··· RECORDS SHOWN ···

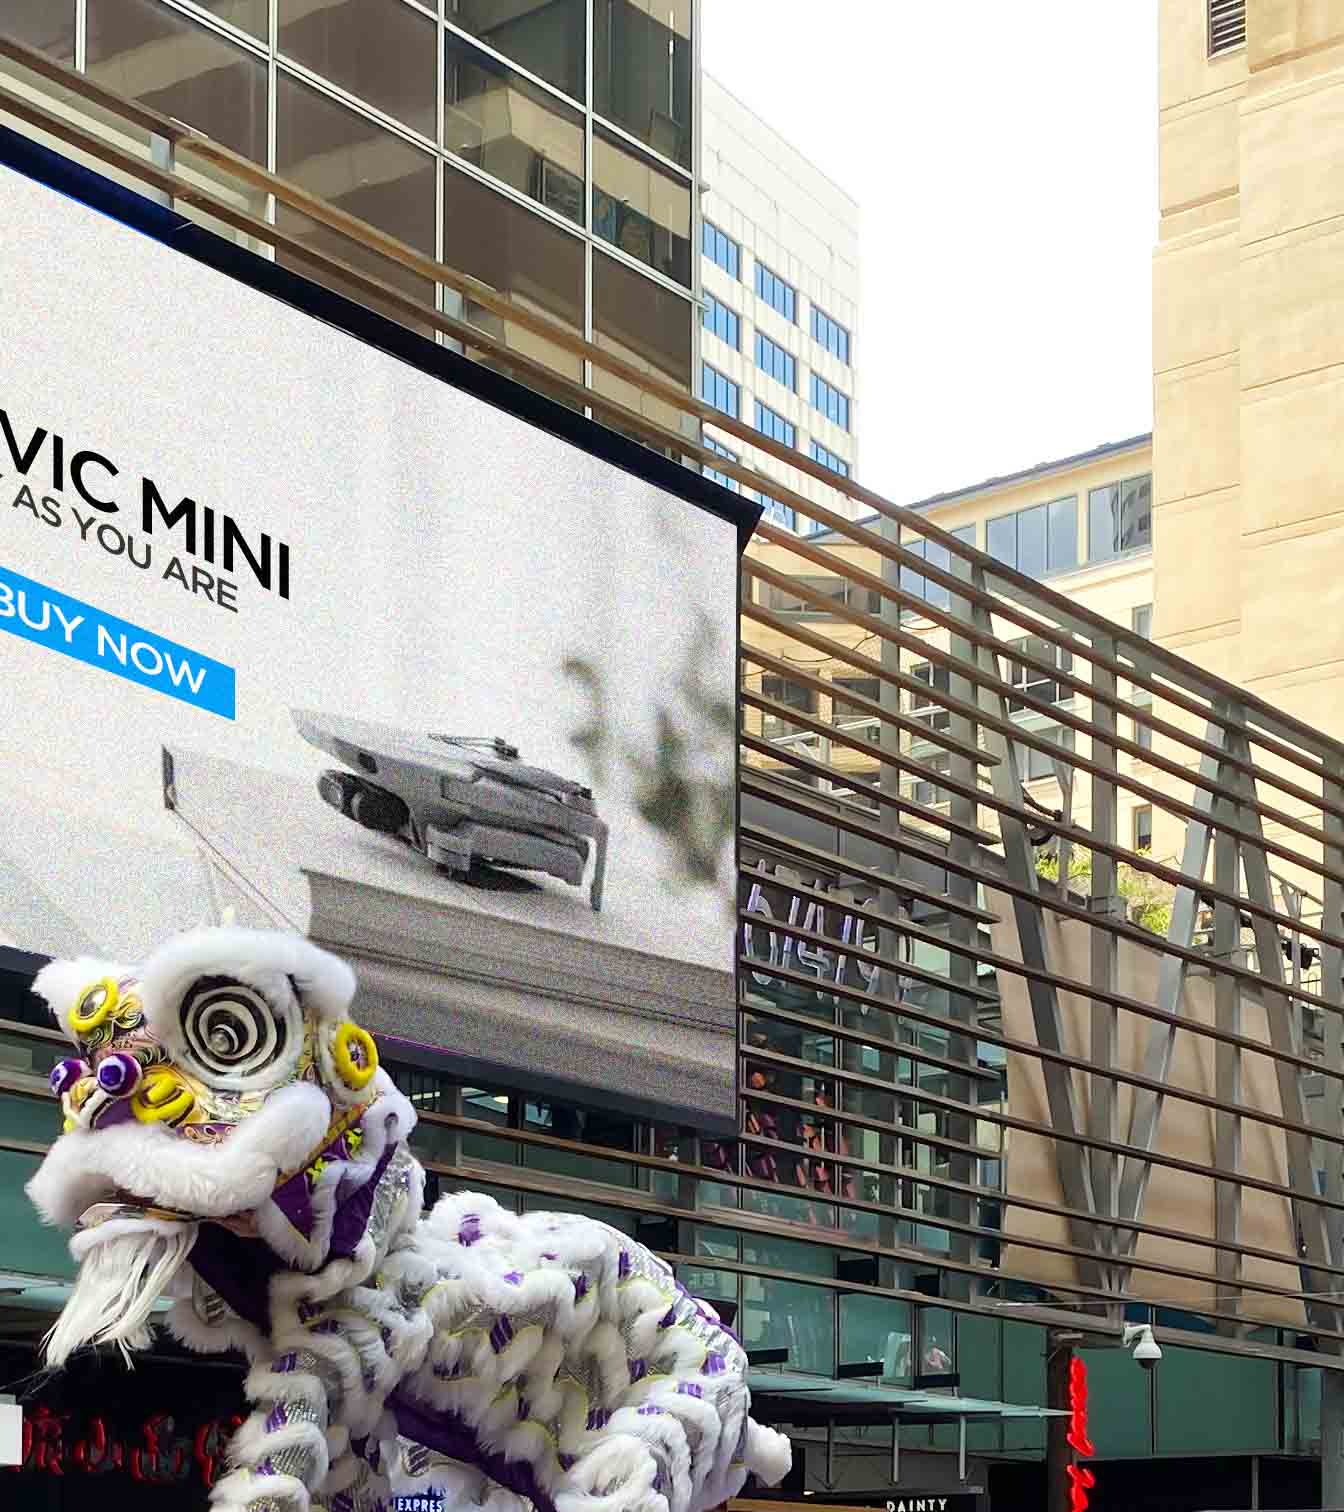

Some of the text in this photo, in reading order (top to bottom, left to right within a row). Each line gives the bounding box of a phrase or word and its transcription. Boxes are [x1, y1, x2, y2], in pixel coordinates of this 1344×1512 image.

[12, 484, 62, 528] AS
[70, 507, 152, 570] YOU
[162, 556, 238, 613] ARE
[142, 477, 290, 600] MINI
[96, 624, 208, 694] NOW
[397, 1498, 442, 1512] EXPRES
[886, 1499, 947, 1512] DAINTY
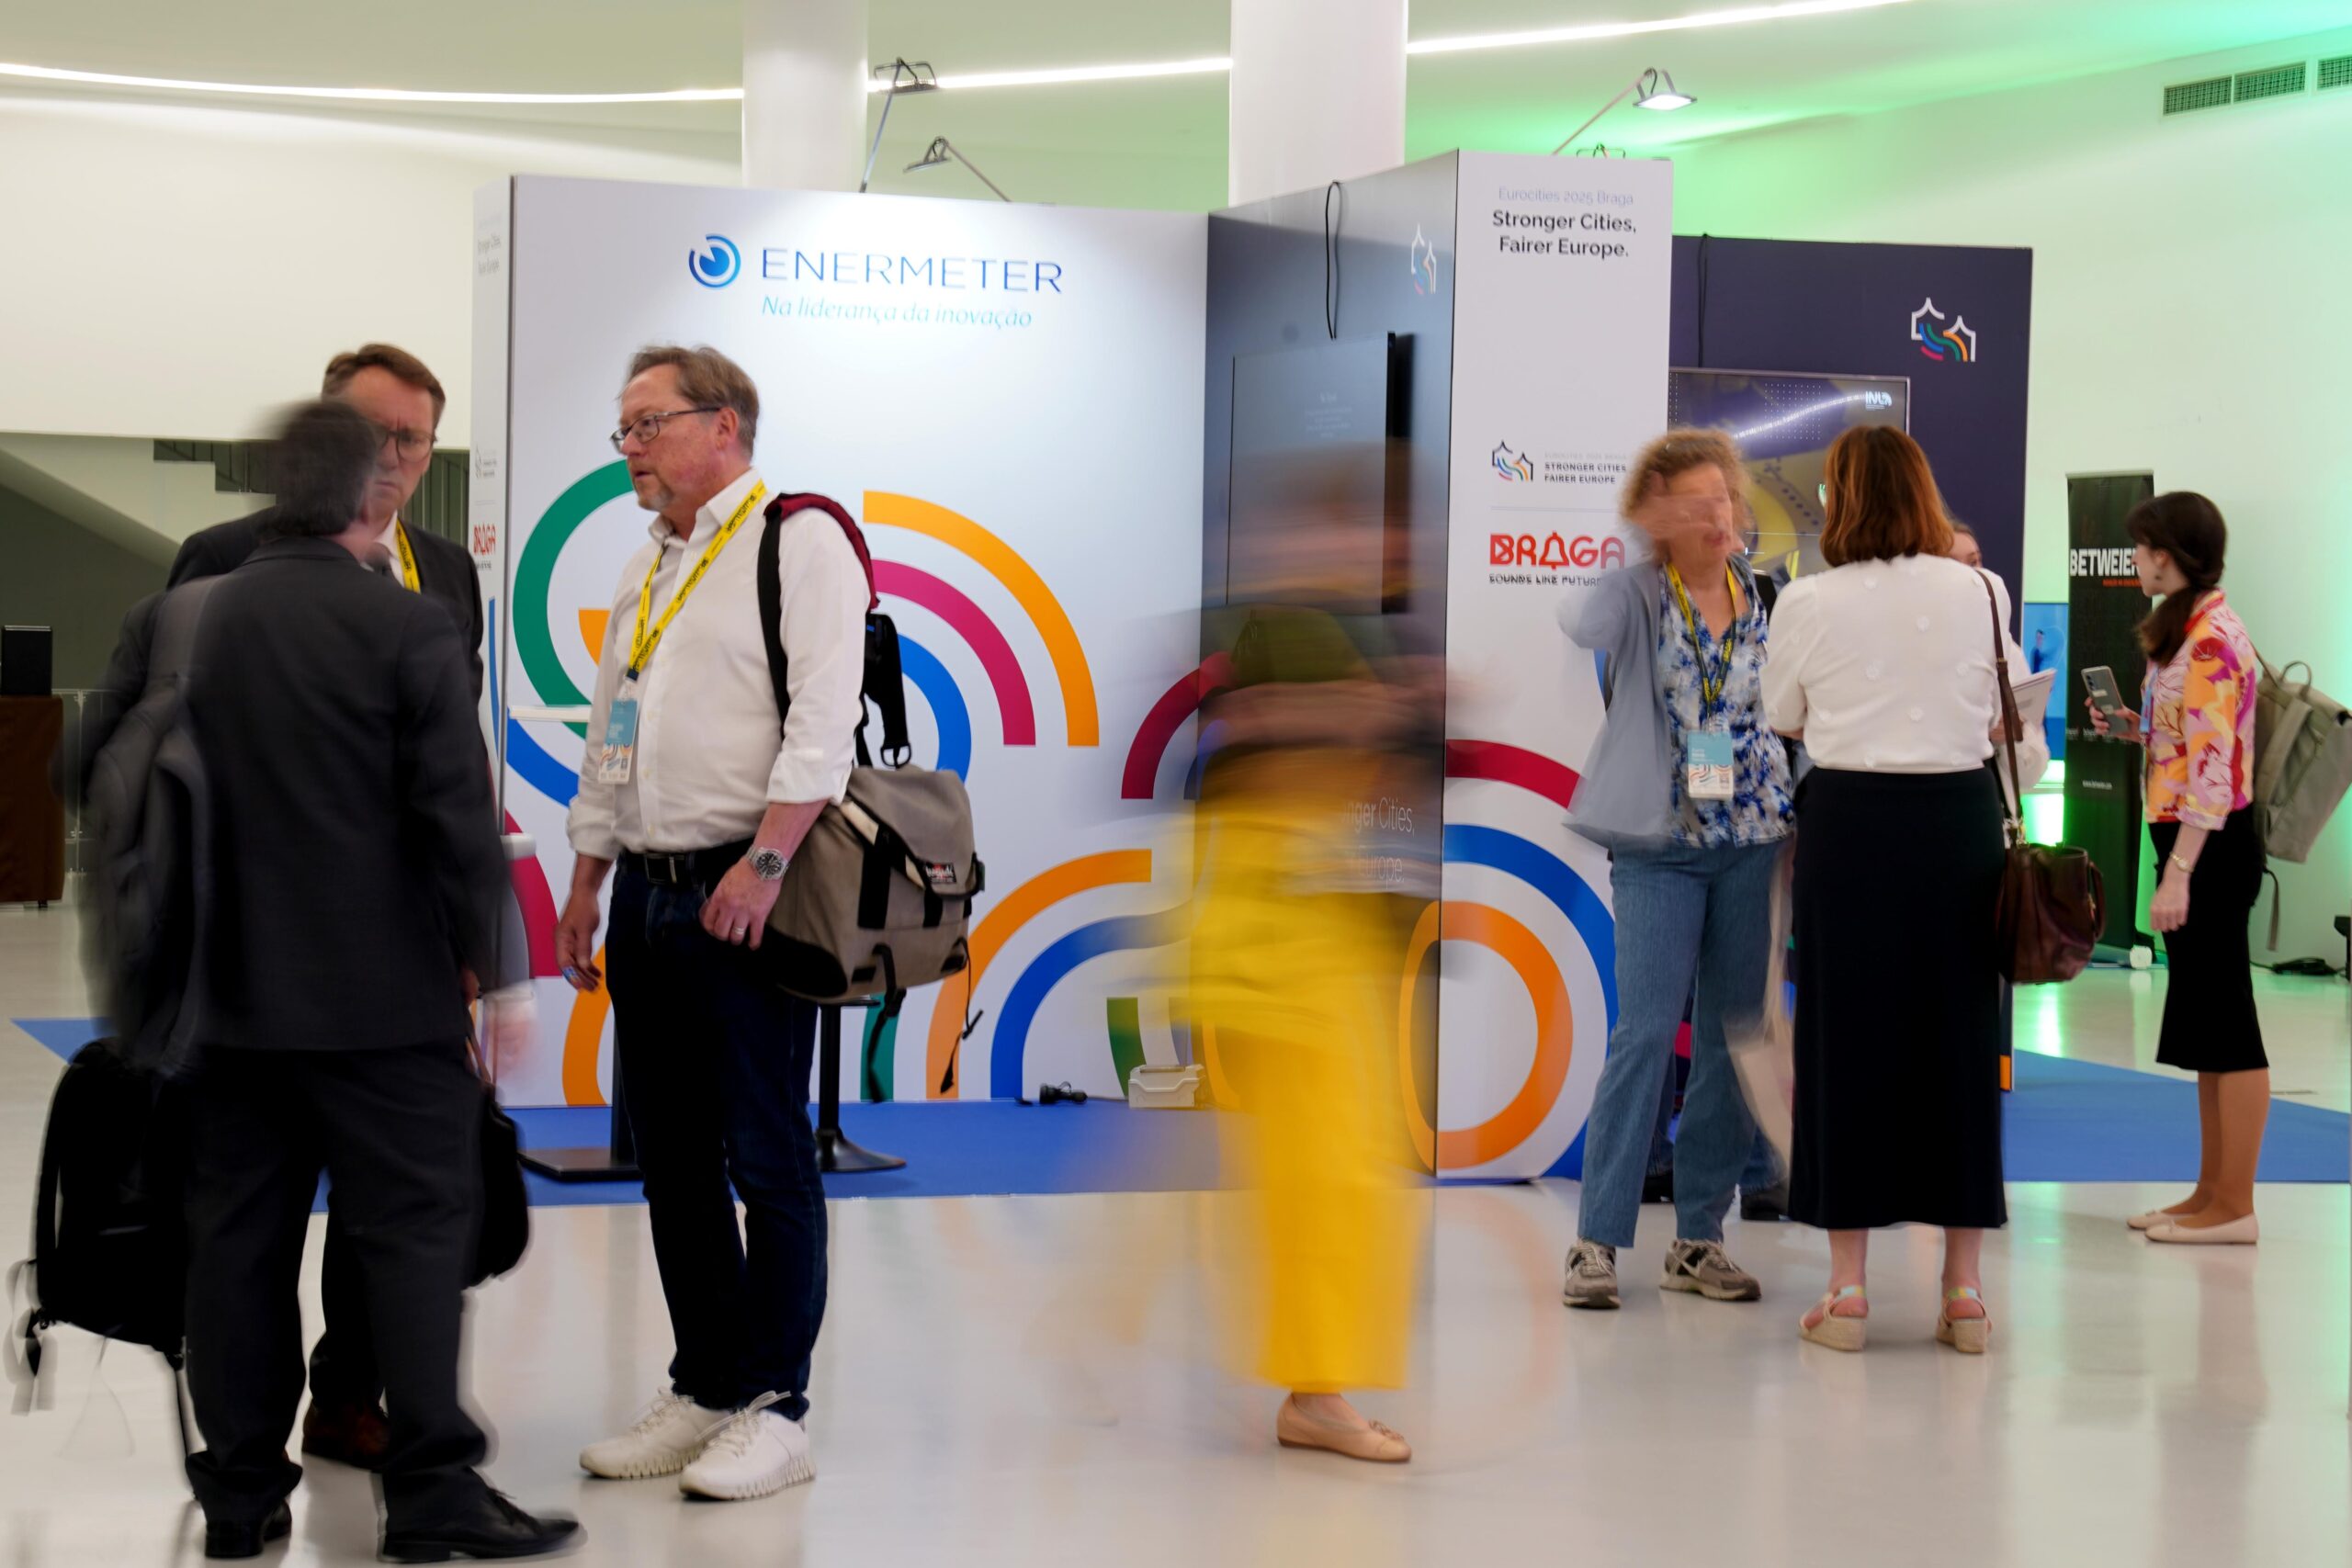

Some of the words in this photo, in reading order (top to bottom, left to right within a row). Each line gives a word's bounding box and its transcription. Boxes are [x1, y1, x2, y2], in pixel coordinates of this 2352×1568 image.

···

| WORK ORDER |
Retype each entry precisely. Skip images entirely.

| SOLUTION FOR THIS EXERCISE |
Some of the text in this photo, in reading order (top to bottom, left to right within a row). Each line gives the bounding box of a phrase or word and its transcription. Boxes are [x1, y1, x2, y2], in pixel coordinates of this 1344×1512 image.

[12, 484, 62, 528] AS
[70, 507, 152, 570] YOU
[162, 556, 238, 613] ARE
[142, 477, 290, 600] MINI
[96, 624, 208, 694] NOW
[397, 1498, 442, 1512] EXPRES
[886, 1499, 947, 1512] DAINTY

Some of the words in this photo, in reading order (top to bottom, left to right within a row). Each line gives a word's bounding box and its transcription. Boxes are [x1, y1, x2, y2], in pixel coordinates of this 2352×1568 image.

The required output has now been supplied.